Past Event

Spaces of (Post-) Soviet Dissent in Russia

James H. Billington Seminar on Russian History and Culture

Recent mass protest rallies in Russia are often analyzed in terms of their economic and political ramifications. This panel will instead consider the historical context of protest activism in contemporary Russia. Participants will examine how different contemporary political activists and artists perpetuate, deconstruct, or subvert both the official line as well as dissent traditions in contesting state monopoly over the public space.

The Kennan Institute’s Billington Fellow Dmitry Kozlov considered the spatial dimension of public protests in the Soviet Union and Russia. He was joined by Professor Kevin Platt of the University of Pennsylvania, who examined anti-state aesthetics in the post-modern politics, and Mikhail Nemtsev, who discussed absurdist protest movements in Novosibirsk.

The seminar was followed by a light reception.

The James H. Billington Seminar on Russian History and Culture is made possible through generous support for the Billington Initiative at the Kennan Institute.

Above Image: Meeting of the "Democratic Union." March 12, 1989, USSR. Photo Credit: Archives at the Research and Information Center "Memorial."

Selected Quotes

Dmitry Kozlov

“The city space became not only the medium for the protest action, but also the protest message itself. Public action in conditions of limited civil freedoms is not unlimited political demands, but the manifestation of the moral and political right to the voice.”

“The official Soviet regime of publicity did not imply the very possibility of public contesting state politics by society, not only because of the extensive control and repressive apparatus. It was also the consequences- direct consequences- of the Marxist idea of sublation of the opposition between state and society, after the transition to socialism.”

“The Red Square shaped the protest message of this demonstration. The Red Square, as you know, is the heart of the country, and the implementation of the regime of publicity that I described allowed only a demonstration of support for the Soviet Union to be expressed here, near Kremlin walls. No protest actions. And it was a place very important for the Soviet pantheon, symbolically, because there is the Lenin mausoleum and the great revolutionaries and Soviet leader. Thus, it wasn’t surprising to anyone that all of the dissidents and participants in this demonstration were detained.” 

Kevin Platt

“The only true test of whether political art and literature of this sort is sincere or merely a posture is actual engagement in protest, actual risk of loss and genuine investment in political action.”
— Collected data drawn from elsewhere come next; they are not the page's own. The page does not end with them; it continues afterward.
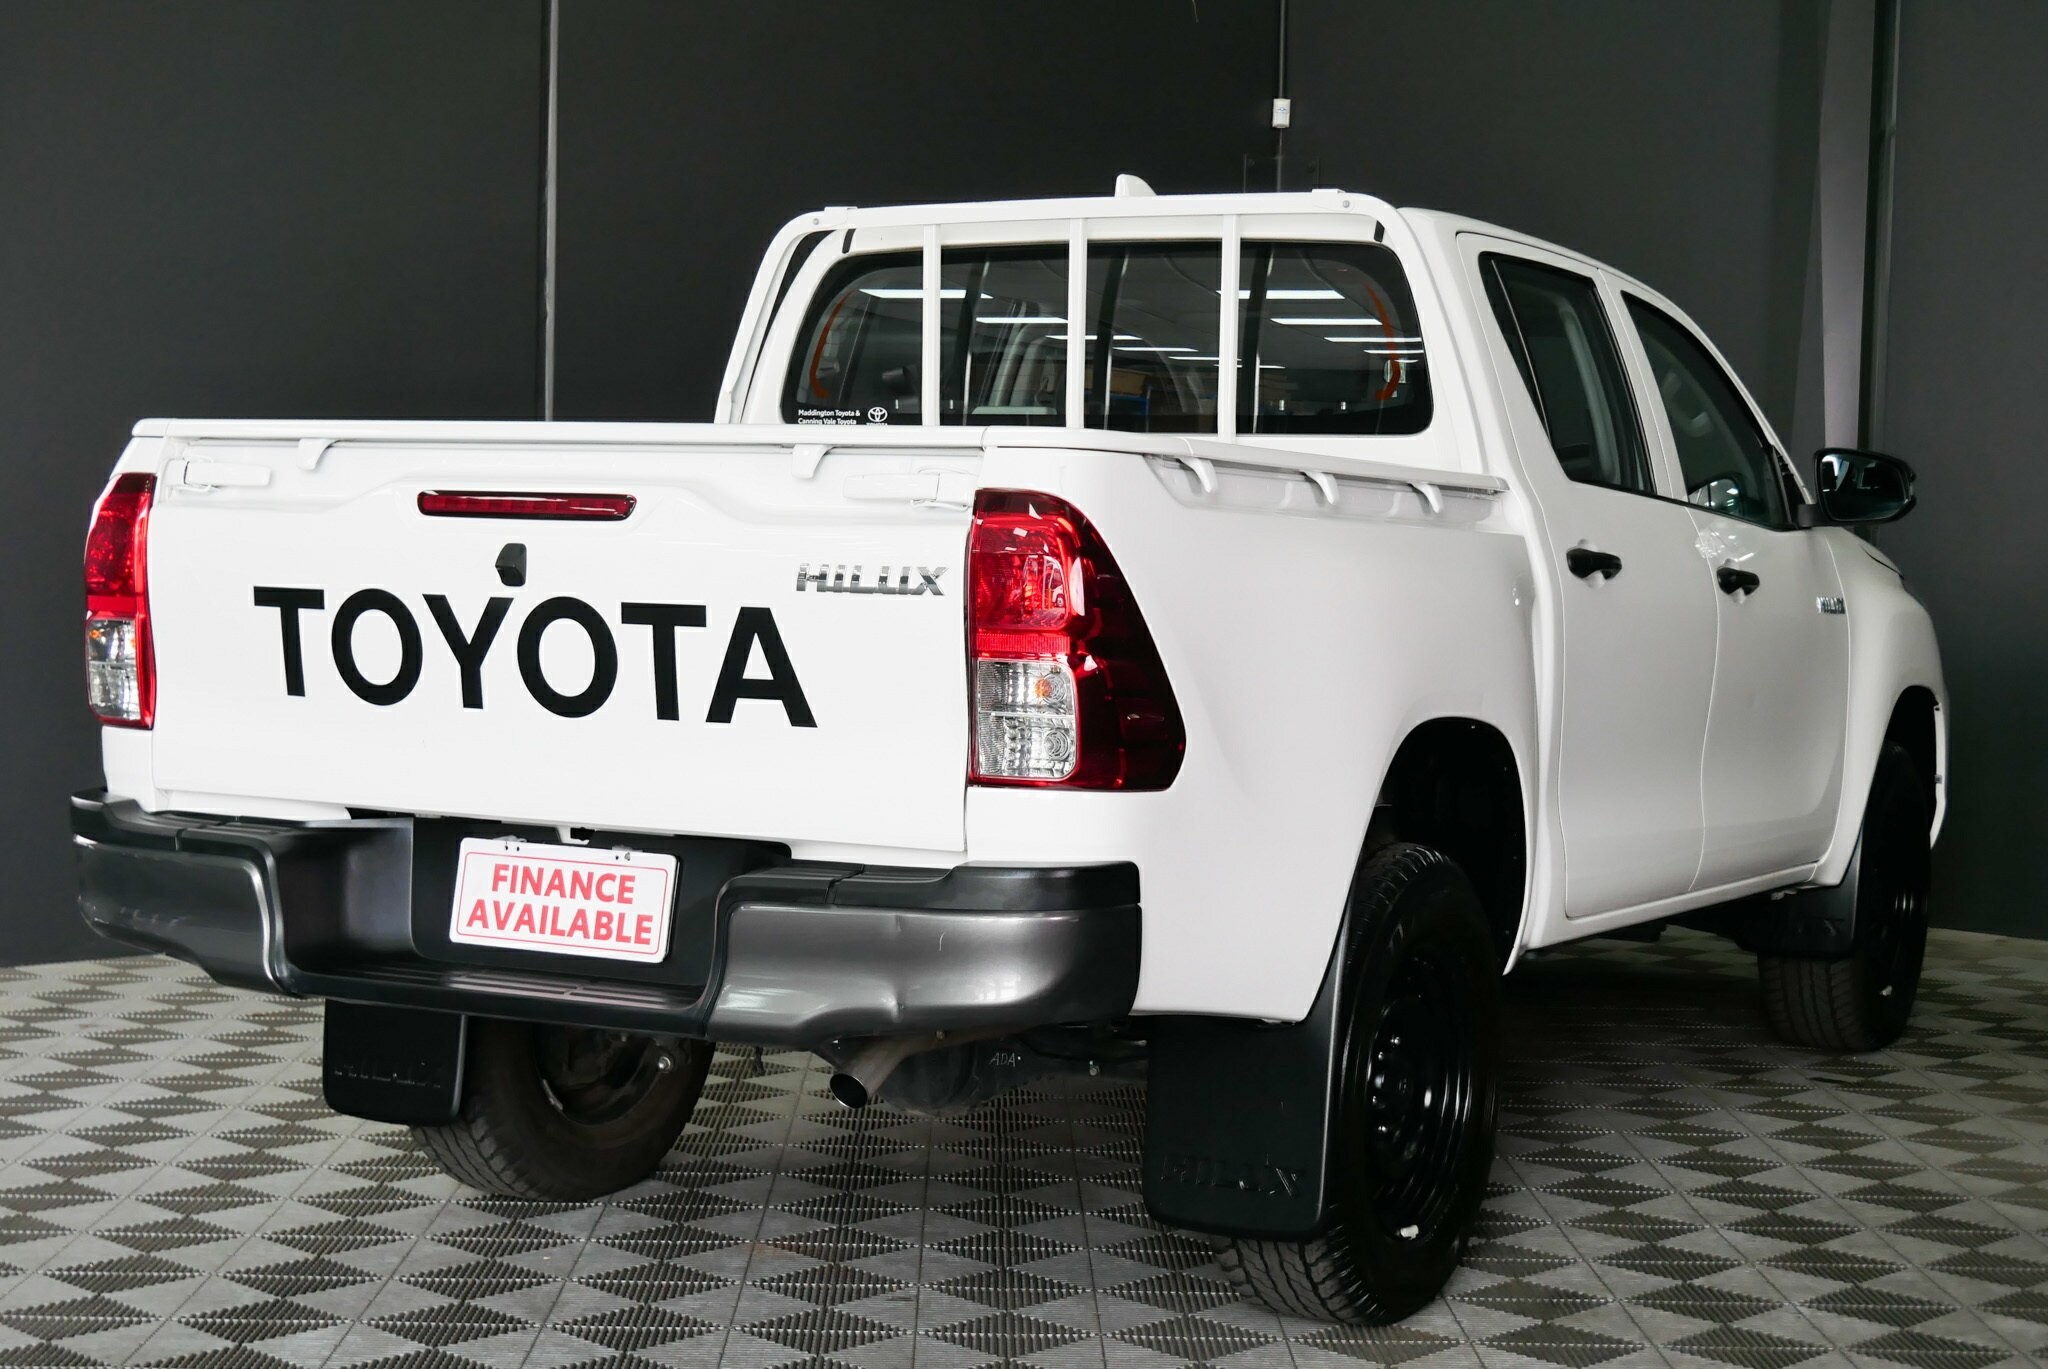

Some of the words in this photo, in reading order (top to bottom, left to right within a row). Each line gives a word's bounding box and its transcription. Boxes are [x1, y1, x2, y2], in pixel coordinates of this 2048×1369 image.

[798, 409, 834, 417] Maddington
[835, 410, 855, 418] Toyota
[855, 409, 861, 417] &
[796, 563, 946, 596] HILUX
[254, 587, 817, 727] TOYOTA
[491, 863, 636, 905] FINANCE
[466, 899, 653, 945] AVAILABLE
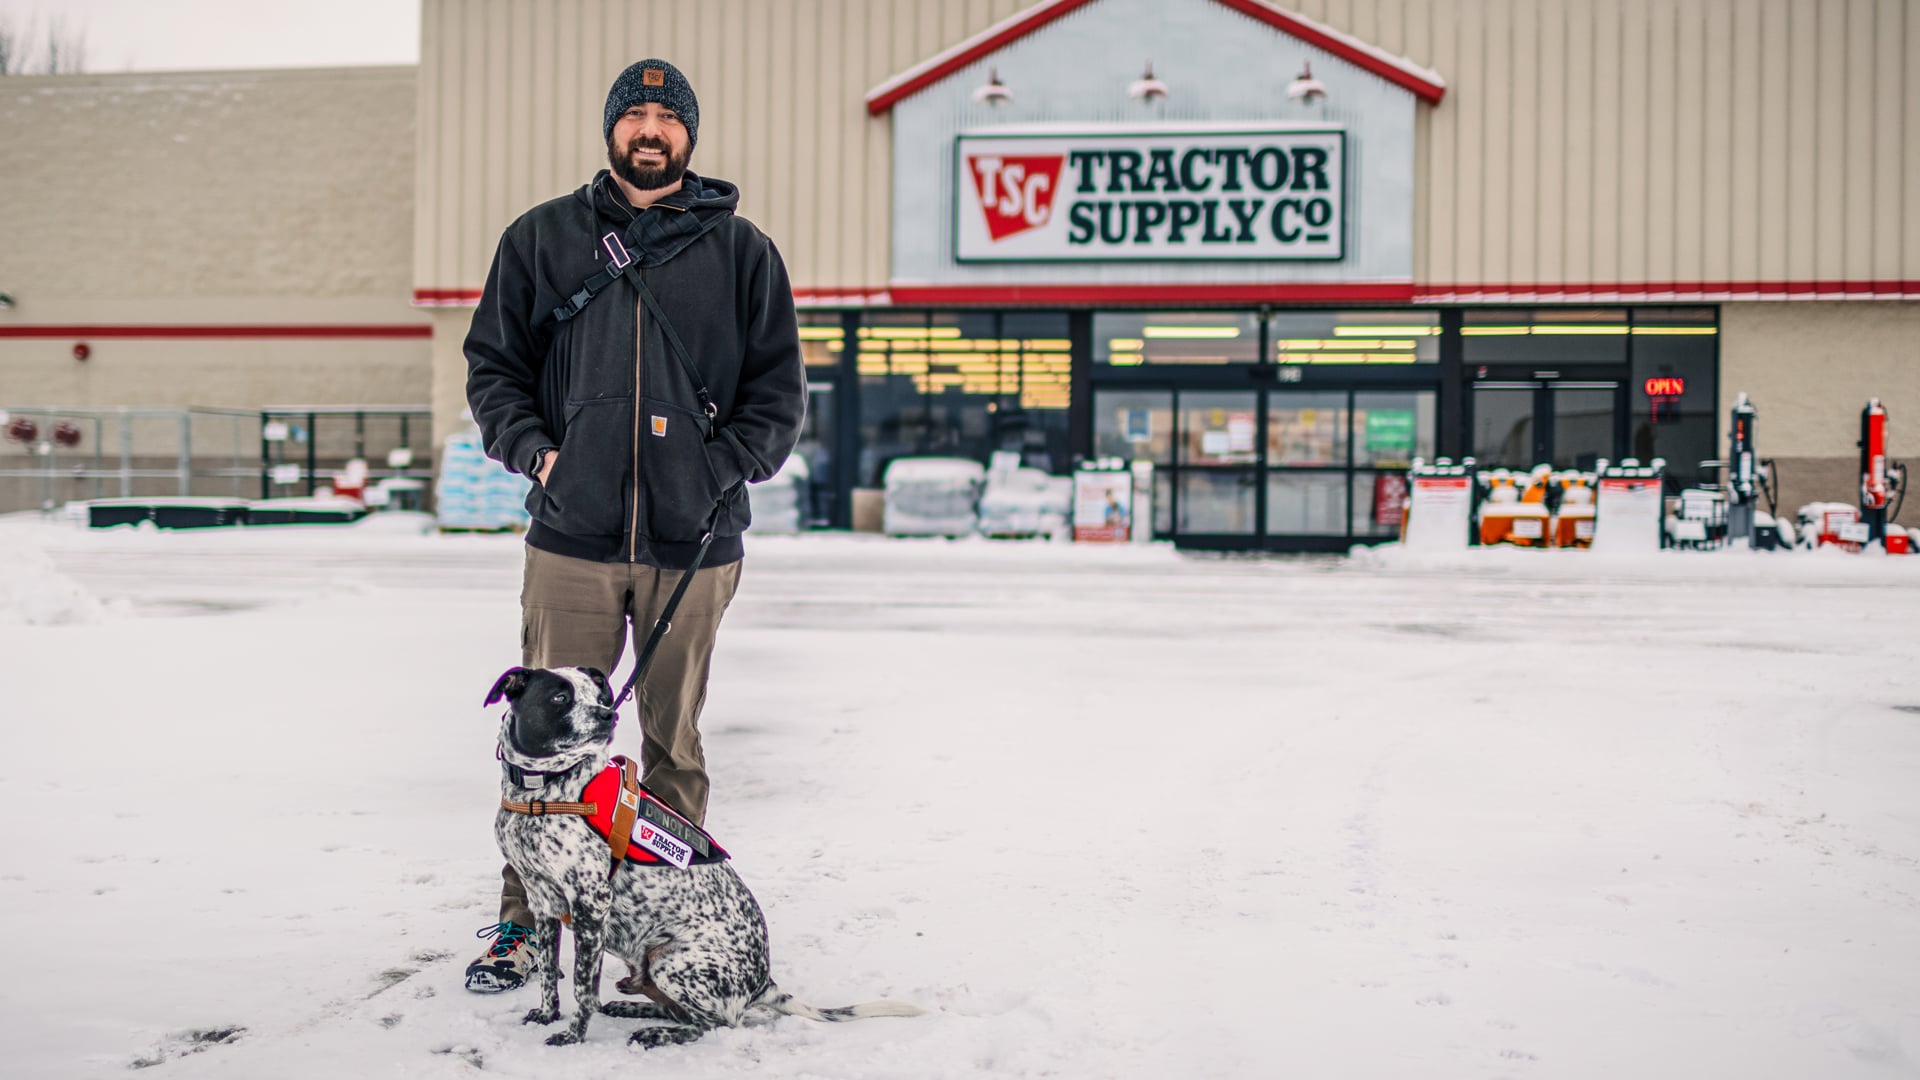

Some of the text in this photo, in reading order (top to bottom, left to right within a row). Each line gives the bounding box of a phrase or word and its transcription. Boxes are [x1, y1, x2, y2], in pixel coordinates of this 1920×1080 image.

[1069, 147, 1330, 193] TRACTOR
[975, 157, 1050, 227] TSC
[1068, 200, 1264, 244] SUPPLY
[1644, 377, 1685, 396] OPEN
[662, 813, 684, 836] NOT
[651, 839, 676, 858] SUPPLY
[654, 832, 686, 857] TRACTOR
“The last decades of state socialism were a time when art and literature in the USSR seemed to many people to be really important and inherently political. Everyone, the state authorities, the official artistic establishment that supported, or at least didn’t oppose the regime, and the unofficial artists who carried out their own programs without official approval- Everyone agreed that art was deadly serious and a potent force in society.”

Mikhail Nemtsev

“What is interesting is that the history of demonstration is actually this fight with the city [and] authorities for the right to get to the center.”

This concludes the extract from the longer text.